Market structure evolution is core to the development of private markets. I wrote about the importance of market structure innovation in a post in June 2022. These experiences have underpinned much of our investment thesis in alts at Broadhaven Ventures:
“A well-functioning market works when there is efficient and effective data and technology across the lifecycle of a trade or investment. As new markets are built, market structure requires technology innovation to create transactional efficiencies. A functioning market structure enables investors to have price discovery, invest or trade efficiently, and process, custody, and value trades and investments.
As market structure evolves, so too does liquidity. More participants come into a market that functions better. Liquidity begets liquidity and the market grows. It happened in equities. It happened with listed derivatives.”

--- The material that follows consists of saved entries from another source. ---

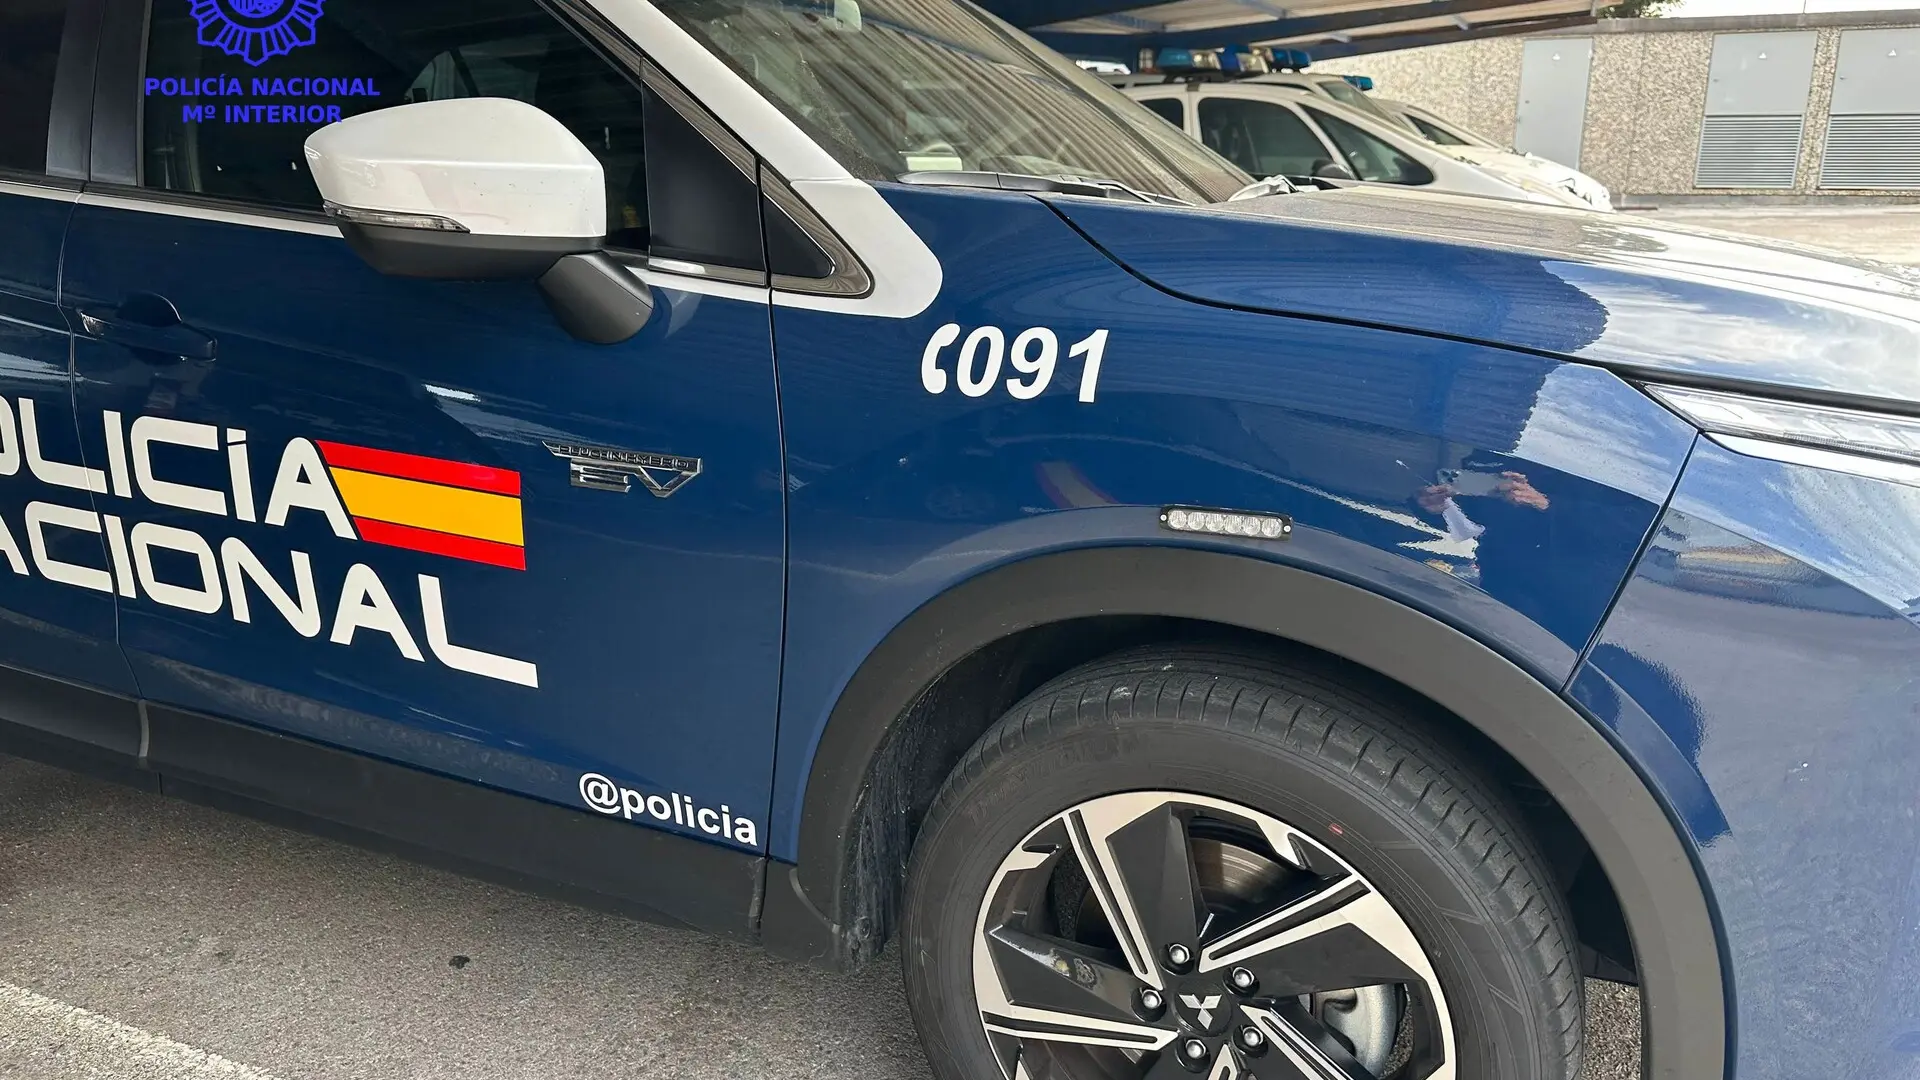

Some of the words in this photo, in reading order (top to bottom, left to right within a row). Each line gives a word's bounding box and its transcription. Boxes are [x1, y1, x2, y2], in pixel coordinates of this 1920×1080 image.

[956, 325, 1109, 403] 091
[0, 395, 358, 540] LICÍA
[578, 772, 758, 847] @policia
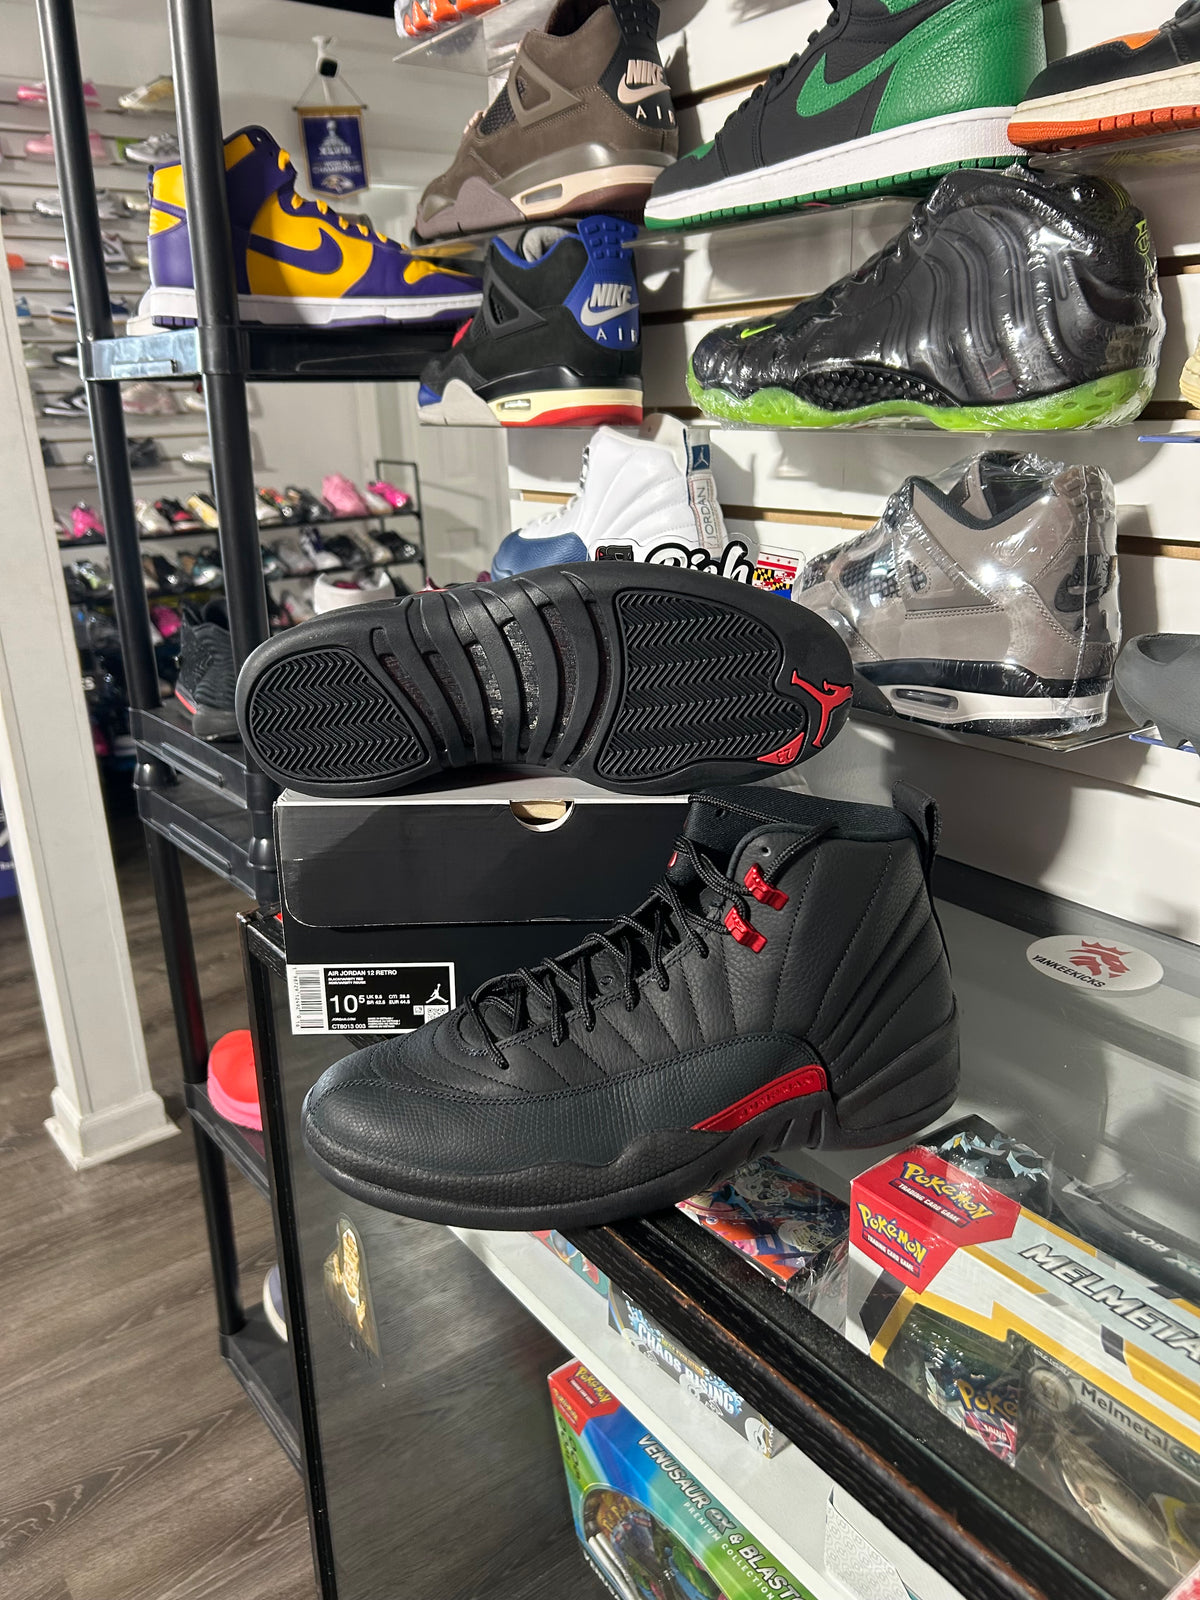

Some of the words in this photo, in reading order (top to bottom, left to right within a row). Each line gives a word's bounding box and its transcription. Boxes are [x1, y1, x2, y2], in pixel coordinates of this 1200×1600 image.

[626, 59, 664, 85] NIKE
[589, 283, 633, 309] NIKE
[697, 487, 717, 539] JORDAN
[1032, 954, 1106, 988] YANKEEKICKS
[898, 1183, 925, 1201] TRADING
[637, 1322, 683, 1373] CHAOS
[1080, 1381, 1169, 1452] Melmetal
[637, 1432, 712, 1509] VENUSAUR
[738, 1544, 806, 1600] BLAST
[682, 1502, 721, 1542] PREMIUM
[721, 1543, 776, 1600] COLLECTION

It’s now happening with alts.
Bain & Co. published a great report this week on the importance of continued innovation in market infrastructure for private markets. They chronicled the rise of individual investor demand for alts, citing that while individuals hold roughly 50% of global wealth, they only account for 16% of private assets under management. This demand must be met with corresponding technology innovation that makes it possible for both funds and investors (and their intermediaries, wealth managers) to easily handle the administrative and structural burdens currently present in private markets.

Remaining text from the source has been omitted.